From e2495f43b04c0f4dafb53823f32afee5dc8dd000 Mon Sep 17 00:00:00 2001
From: jiarui_li <jiarui_li@outlook.com>
Date: Thu, 16 Oct 2025 18:37:55 +0800
Subject: [PATCH] revert 6e0713048ab52c17c05fb42ffb7949f0e32591a2

revert update attn mask
---
 models.py | 19 ++++++-------------
 1 file changed, 6 insertions(+), 13 deletions(-)

diff --git a/models.py b/models.py
index 17e080f..32021b2 100644
--- a/models.py
+++ b/models.py
@@ -159,27 +159,20 @@ class TimeAwareGPT2(nn.Module):
         # b) Padding mask: Do not attend to positions where the event token is 0.
 
         # a) Time-based causal mask
-        # t_i = time_seq.unsqueeze(-1)  # (B, L, 1)
-        # t_j = time_seq.unsqueeze(1)   # (B, 1, L)
-        # time_mask = (t_j <= t_i)
+        t_i = time_seq.unsqueeze(-1)  # (B, L, 1)
+        t_j = time_seq.unsqueeze(1)   # (B, 1, L)
+        time_mask = (t_j <= t_i)
 
         # b) Padding mask (prevents attending to key positions that are padding)
-        # padding_mask = (event_seq != 0).unsqueeze(1) # Shape: (B, 1, L)
+        padding_mask = (event_seq != 0).unsqueeze(1) # Shape: (B, 1, L)
         
         # Combine the masks. A position (j) can be attended to by a query (i) only if
         # it's in the past (time_mask) AND it's not a padding token (padding_mask).

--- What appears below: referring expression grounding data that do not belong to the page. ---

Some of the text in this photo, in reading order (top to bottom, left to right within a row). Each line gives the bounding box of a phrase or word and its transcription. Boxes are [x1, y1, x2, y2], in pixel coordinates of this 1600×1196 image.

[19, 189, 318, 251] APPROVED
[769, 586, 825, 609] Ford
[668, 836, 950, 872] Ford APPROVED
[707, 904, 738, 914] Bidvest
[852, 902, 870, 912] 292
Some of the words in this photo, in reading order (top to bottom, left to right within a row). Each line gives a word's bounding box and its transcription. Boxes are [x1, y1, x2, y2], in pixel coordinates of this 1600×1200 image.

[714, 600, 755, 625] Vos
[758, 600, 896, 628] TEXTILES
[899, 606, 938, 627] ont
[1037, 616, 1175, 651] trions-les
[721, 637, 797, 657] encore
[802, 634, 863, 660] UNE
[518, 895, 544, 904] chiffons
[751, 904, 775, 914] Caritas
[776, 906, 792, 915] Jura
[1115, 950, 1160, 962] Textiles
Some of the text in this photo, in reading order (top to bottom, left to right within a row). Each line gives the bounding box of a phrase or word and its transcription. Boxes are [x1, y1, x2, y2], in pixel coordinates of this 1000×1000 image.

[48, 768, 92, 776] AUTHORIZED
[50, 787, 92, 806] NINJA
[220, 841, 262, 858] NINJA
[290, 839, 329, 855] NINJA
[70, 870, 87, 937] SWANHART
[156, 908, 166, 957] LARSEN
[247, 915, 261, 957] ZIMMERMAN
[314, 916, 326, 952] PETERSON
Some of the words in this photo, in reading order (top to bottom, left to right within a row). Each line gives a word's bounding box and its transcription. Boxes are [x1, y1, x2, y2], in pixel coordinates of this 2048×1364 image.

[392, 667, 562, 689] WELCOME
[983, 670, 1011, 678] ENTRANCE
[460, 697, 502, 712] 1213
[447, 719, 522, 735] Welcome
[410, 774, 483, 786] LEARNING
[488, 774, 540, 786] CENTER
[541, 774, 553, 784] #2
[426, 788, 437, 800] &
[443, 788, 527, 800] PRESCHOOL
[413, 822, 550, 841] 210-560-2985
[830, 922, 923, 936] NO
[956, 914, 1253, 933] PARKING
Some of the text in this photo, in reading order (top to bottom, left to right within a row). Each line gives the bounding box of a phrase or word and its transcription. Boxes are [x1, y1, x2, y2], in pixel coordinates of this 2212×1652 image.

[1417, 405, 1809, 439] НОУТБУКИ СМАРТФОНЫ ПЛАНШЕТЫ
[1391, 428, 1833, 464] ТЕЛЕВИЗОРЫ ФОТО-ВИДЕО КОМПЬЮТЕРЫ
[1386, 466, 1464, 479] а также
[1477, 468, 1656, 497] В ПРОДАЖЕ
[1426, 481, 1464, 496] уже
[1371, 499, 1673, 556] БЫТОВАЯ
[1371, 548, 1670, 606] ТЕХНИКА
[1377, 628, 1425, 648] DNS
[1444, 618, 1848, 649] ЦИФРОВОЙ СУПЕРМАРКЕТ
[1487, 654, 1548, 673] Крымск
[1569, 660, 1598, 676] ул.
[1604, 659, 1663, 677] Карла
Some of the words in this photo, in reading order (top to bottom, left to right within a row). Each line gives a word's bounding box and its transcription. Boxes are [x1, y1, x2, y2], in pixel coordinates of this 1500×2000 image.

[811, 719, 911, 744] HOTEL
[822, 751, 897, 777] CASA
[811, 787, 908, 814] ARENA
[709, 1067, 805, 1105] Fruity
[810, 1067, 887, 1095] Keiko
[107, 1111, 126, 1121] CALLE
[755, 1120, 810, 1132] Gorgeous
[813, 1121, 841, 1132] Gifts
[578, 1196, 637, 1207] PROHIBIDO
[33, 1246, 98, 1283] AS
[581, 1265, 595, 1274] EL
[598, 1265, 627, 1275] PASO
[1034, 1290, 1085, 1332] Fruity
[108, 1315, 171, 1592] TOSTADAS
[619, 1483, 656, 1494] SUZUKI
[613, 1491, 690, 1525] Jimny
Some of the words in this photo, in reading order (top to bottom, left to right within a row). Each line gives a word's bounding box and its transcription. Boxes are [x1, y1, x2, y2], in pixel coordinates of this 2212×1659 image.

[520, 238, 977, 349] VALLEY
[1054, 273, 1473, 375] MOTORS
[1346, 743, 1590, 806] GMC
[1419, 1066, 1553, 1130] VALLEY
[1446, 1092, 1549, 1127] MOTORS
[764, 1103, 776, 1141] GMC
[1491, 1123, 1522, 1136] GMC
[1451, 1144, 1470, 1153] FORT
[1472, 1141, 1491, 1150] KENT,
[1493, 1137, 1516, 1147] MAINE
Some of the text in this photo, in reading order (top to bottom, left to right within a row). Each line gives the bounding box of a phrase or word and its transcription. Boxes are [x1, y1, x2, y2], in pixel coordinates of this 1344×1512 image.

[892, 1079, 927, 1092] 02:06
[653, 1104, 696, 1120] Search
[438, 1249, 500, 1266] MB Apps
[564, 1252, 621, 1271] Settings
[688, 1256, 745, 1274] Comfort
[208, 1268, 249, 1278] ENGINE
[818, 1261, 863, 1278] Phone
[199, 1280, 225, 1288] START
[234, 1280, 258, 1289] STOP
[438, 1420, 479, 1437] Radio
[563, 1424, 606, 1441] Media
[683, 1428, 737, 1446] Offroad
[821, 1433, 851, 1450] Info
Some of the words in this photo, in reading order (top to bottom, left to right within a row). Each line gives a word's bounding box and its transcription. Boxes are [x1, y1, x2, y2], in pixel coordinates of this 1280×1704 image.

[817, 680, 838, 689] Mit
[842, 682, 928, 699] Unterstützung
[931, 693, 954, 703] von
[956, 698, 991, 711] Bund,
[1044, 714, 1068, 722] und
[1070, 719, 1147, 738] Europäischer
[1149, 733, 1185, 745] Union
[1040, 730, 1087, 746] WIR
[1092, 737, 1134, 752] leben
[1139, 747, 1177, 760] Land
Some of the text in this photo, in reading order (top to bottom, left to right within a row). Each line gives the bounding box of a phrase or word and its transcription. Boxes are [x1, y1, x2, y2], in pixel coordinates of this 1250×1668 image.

-        # combined_mask = time_mask & padding_mask
-
-        attn_mask = (x>0).view(x.size(0), 1, 1, x.size(1)) * (x>0).view(x.size(0),1,x.size(1),1)  # Do not attend to padded positions
-        attn_mask *= torch.tril(torch.ones(x.size(1),x.size(1)))[None,None,:,:] > 0 #self.transformer.h[0].attn.bias[:,:,:x.size(1),:x.size(1)] > 0
-        attn_mask *= ((age.view(x.size(0),1,1,x.size(1)) != targets_age.view(x.size(0),1,x.size(1),1))) # Mask co-occuring tokens
-        attn_mask += (attn_mask.sum(-1, keepdim=True)==0) * torch.diag(torch.ones(x.size(1))) > 0
-        attn_mask = attn_mask + (x==0).view(x.size(0), 1, 1, x.size(1)) * torch.diag(torch.ones(x.size(1))) > 0 # Except for padding
-        attn_mask *= torch.tril(torch.ones(x.size(1),x.size(1)))[None,None,:,:] > 0 #self.transformer.h[0].attn.bias[:,:,:x.size(1),:x.size(1)] > 0
+        combined_mask = time_mask & padding_mask
 
         # 6. Pass through transformer blocks
         for block in self.blocks:
-            x = block(x, custom_mask=attn_mask)
+            x = block(x, custom_mask=combined_mask)
 
         # 7. Final layer norm and projection to vocab size
         x = self.ln_f(x)